For completeness, these two sat on top of a handful of smaller fixes the same hunt turned up — an upload-truncating timeout that judged "wedged" by wall-clock instead of by a completion flag (the same sync-vs-async theme), a transport pacing gate that throttled the download against a counter telemetry was also moving, a TX-ring reservation so a saturated telemetry stream can't starve the transfer, and a held-handle exclusion so a file isn't read and written through two FatFS handles at once. Eight fixes in all. But the two above are the ones worth remembering, because they rhyme.
7. Byte-perfect
Here is the run I was chasing for eighteen hours, on a freshly formatted card, with every fix in place:
256 B → MATCH 16384 B → MATCH
512 B → MATCH 65536 B → MATCH
1024 B → MATCH 4096 B → MATCH
16 KB round-trip ×3 (sha256): up == down, up == down, up == down
Every size, byte-for-byte, with the cryptographic hash of what went up identical to the hash of what came back. The file-transfer stack went from "corrupts or stalls above a kilobyte" to a clean 64 KB round-trip.

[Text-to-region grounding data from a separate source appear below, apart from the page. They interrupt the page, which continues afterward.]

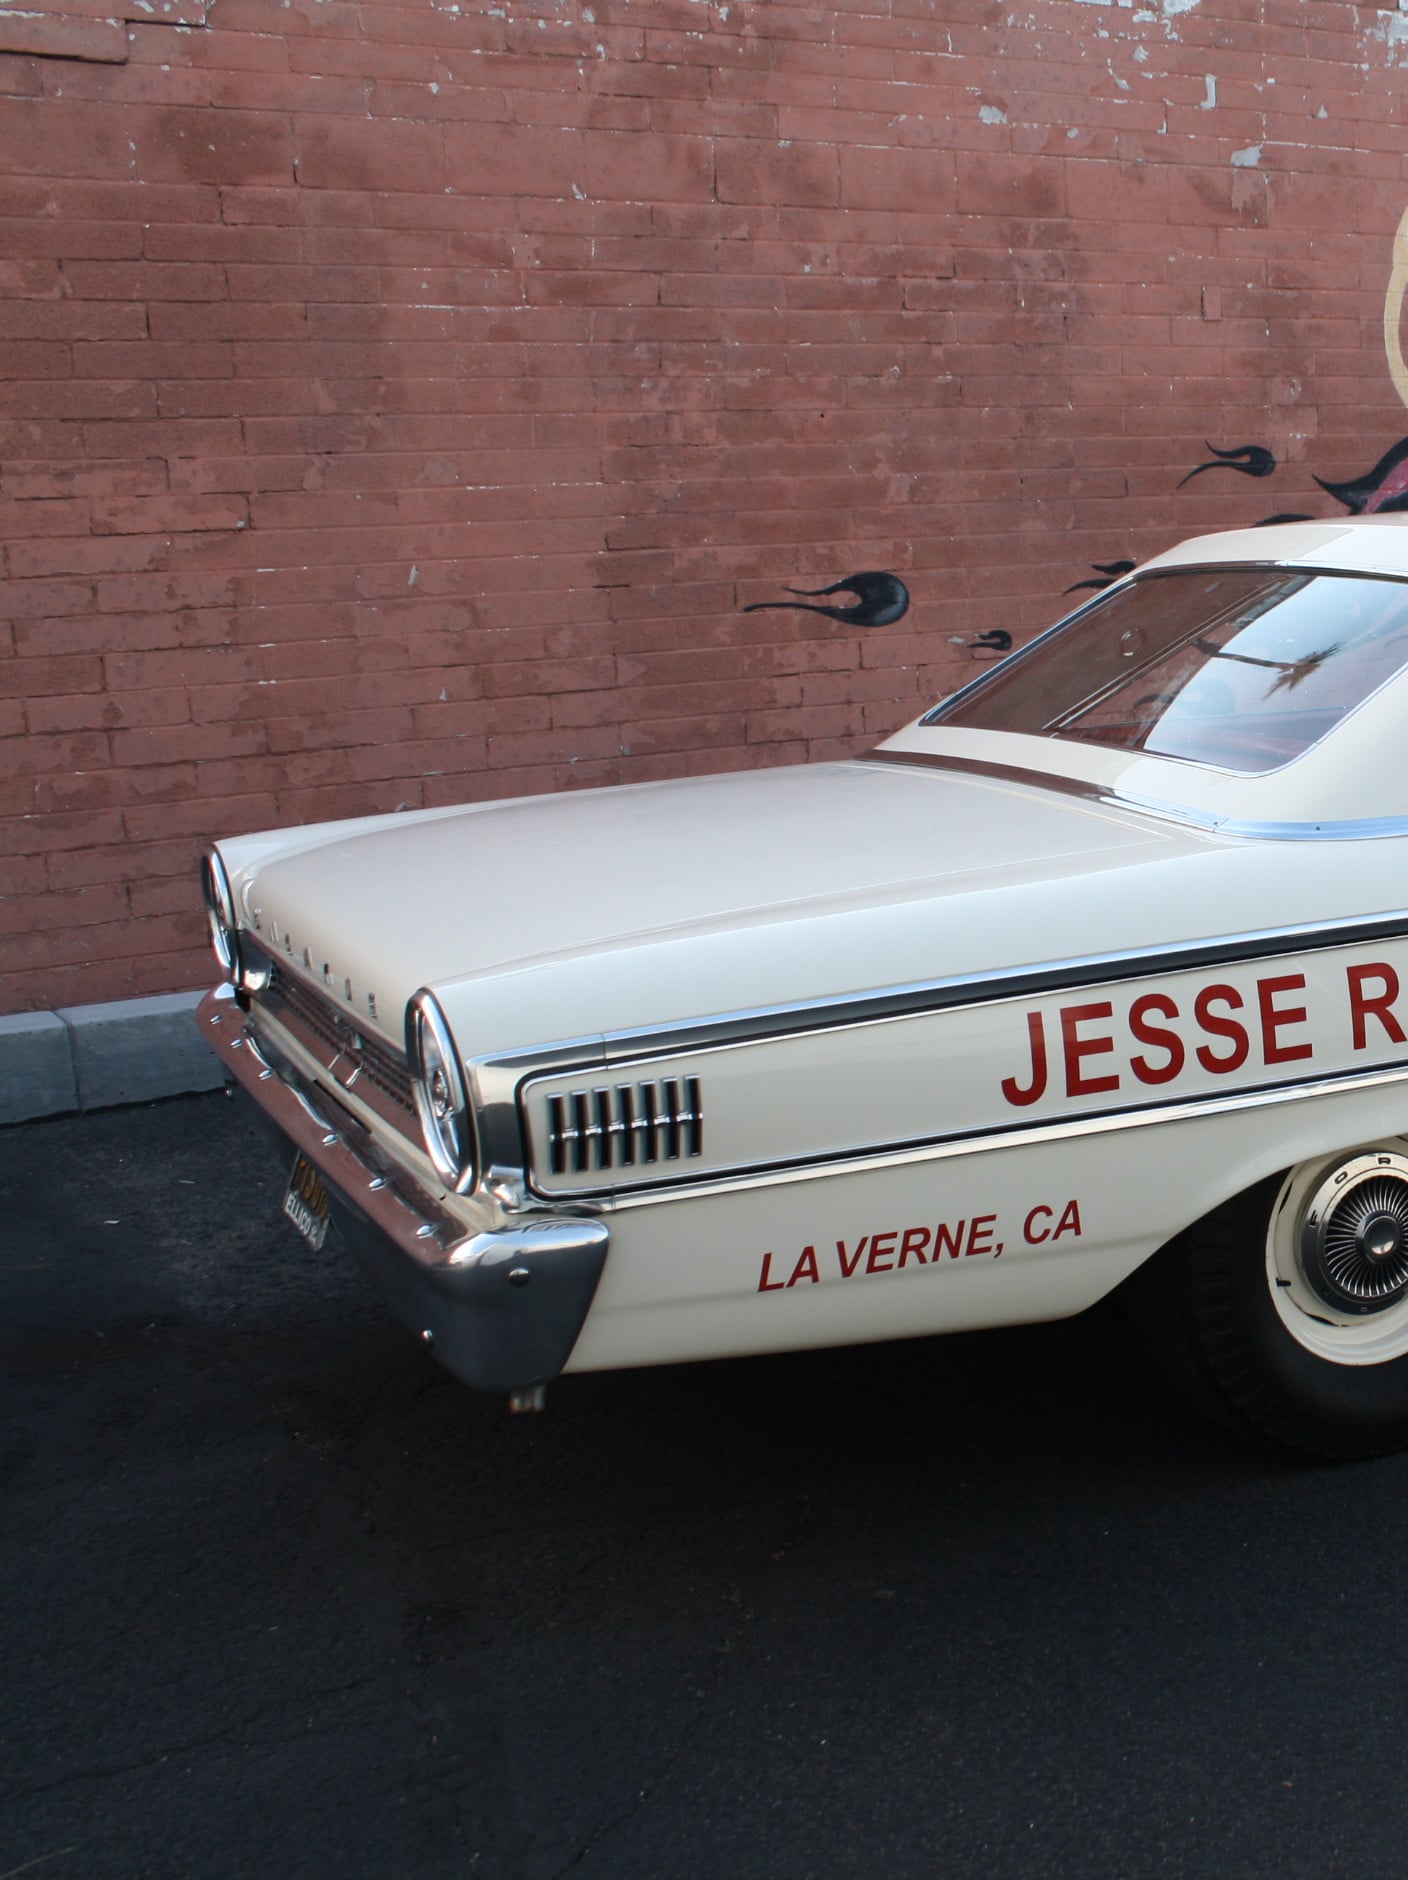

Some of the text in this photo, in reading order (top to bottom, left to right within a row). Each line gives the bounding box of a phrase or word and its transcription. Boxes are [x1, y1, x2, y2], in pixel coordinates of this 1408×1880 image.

[1000, 972, 1314, 1107] JESSE
[284, 1192, 312, 1236] ELLICO
[758, 1199, 1082, 1293] LA VERNE, CA
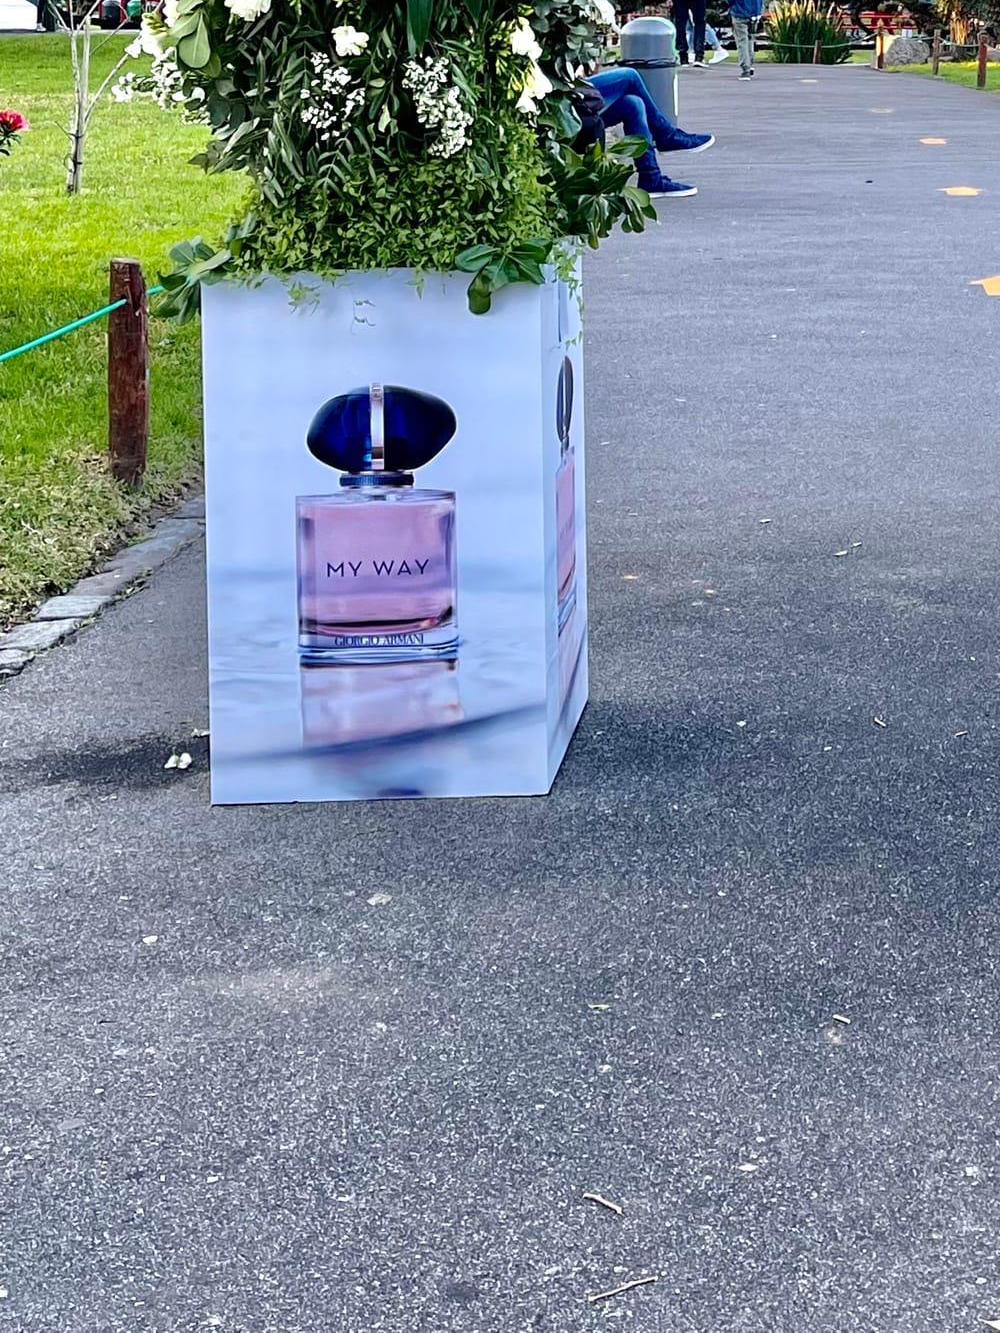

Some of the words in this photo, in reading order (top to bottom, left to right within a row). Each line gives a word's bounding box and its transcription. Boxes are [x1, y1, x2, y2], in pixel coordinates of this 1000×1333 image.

[327, 561, 362, 577] MY
[372, 559, 429, 577] WAY
[334, 635, 380, 647] GIORGIO
[383, 633, 424, 646] ARMANI
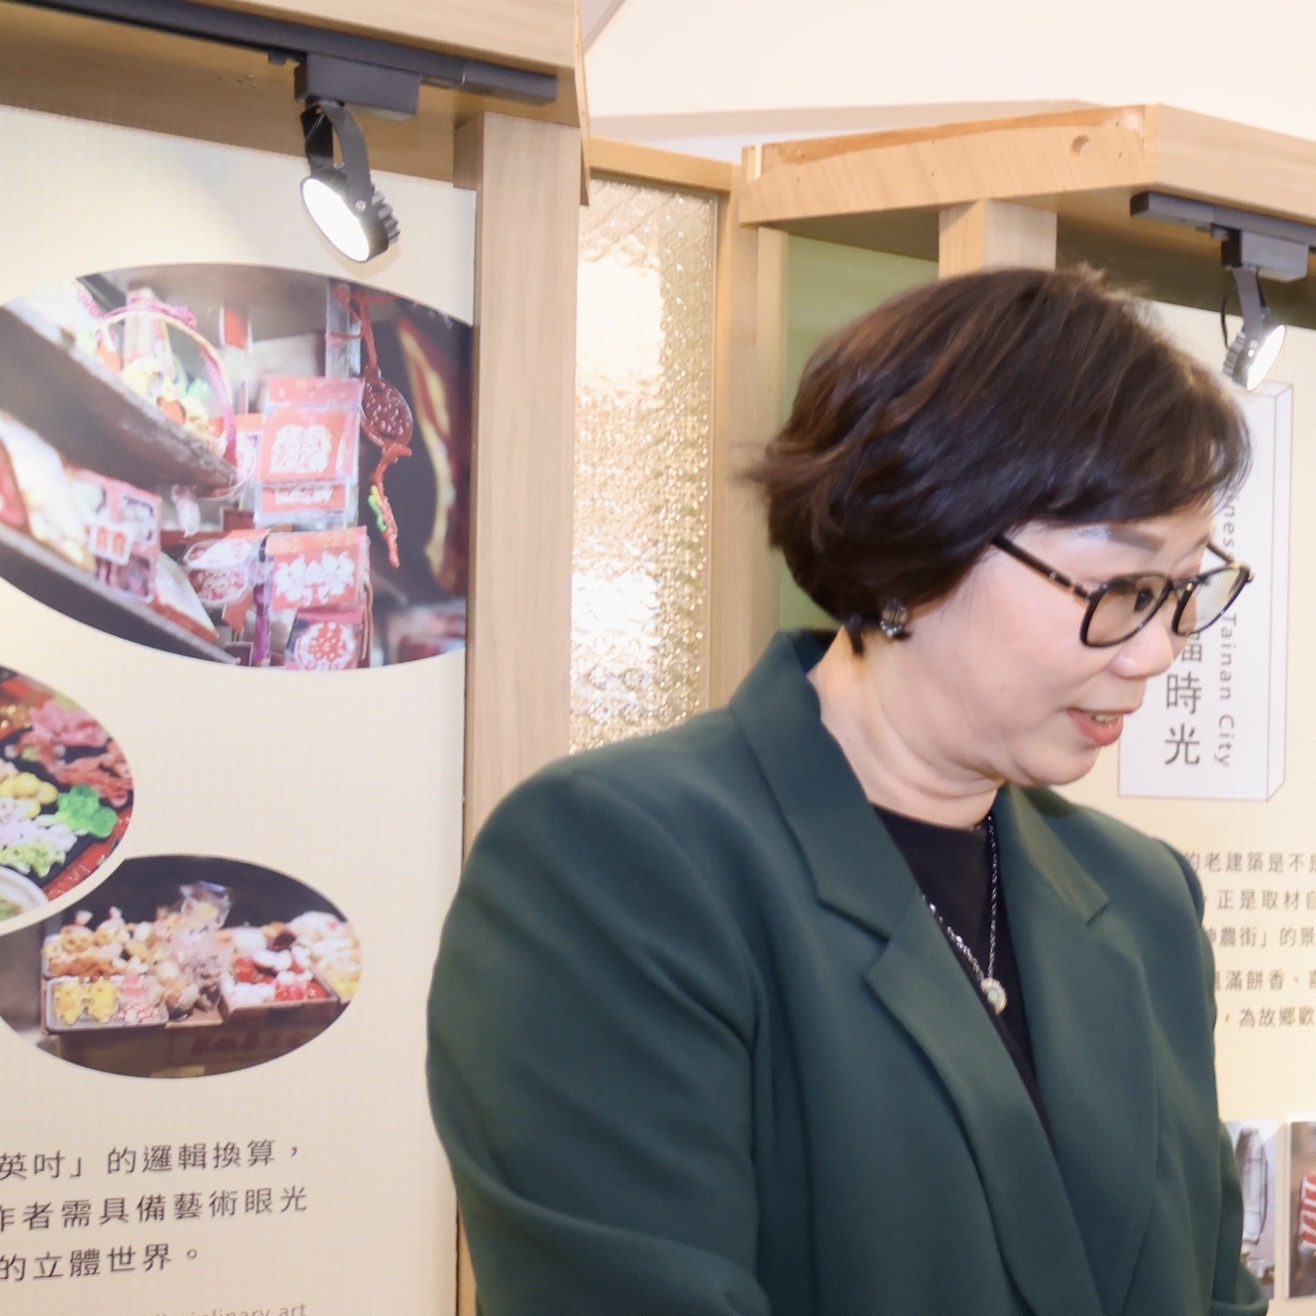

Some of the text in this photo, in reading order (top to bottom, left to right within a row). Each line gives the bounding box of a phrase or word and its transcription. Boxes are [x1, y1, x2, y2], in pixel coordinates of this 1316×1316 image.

[1219, 613, 1237, 700] Tainan
[1214, 714, 1235, 767] City
[0, 1243, 199, 1283] 的立體世界。
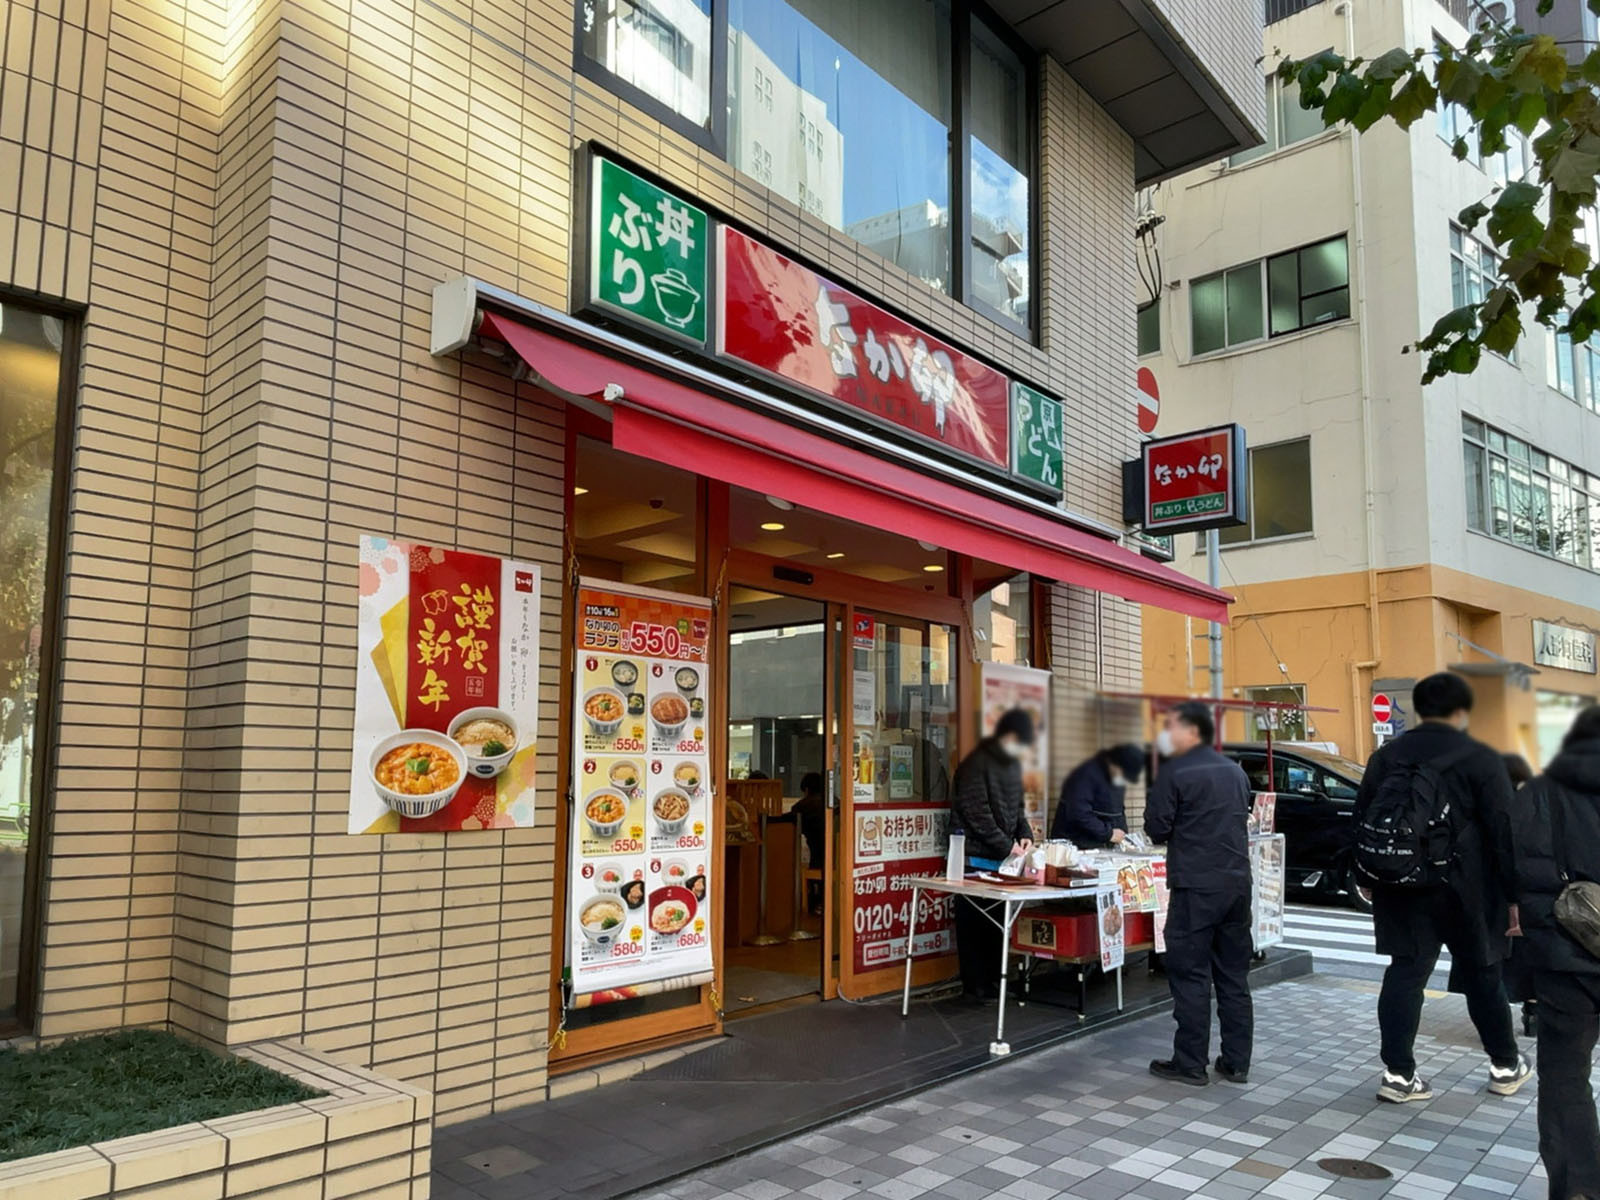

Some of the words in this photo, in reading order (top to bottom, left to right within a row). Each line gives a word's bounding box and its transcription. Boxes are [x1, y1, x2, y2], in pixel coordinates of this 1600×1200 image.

[1154, 454, 1223, 486] なか卯
[416, 617, 452, 713] 新年
[616, 738, 644, 751] 550円
[884, 816, 933, 838] お持ち帰り
[615, 839, 643, 852] 550円
[854, 875, 886, 895] なか卯
[614, 942, 643, 957] 580円

What stays with me is how innocent the bottom of the stack turned out to be. For most of the day the prime suspects were the SD card, the DMA, the bus, the filesystem — the parts with the scariest datasheets. They were all blameless. Every bug lived in a seam: the microsecond between an interrupt and a poll, the instruction between one task reading a variable and another writing it. You don't find those by staring at the components. You find them by instrumenting the boundaries, measuring what actually happens, and trusting the counter over the intuition — even, especially, when the intuition is your own.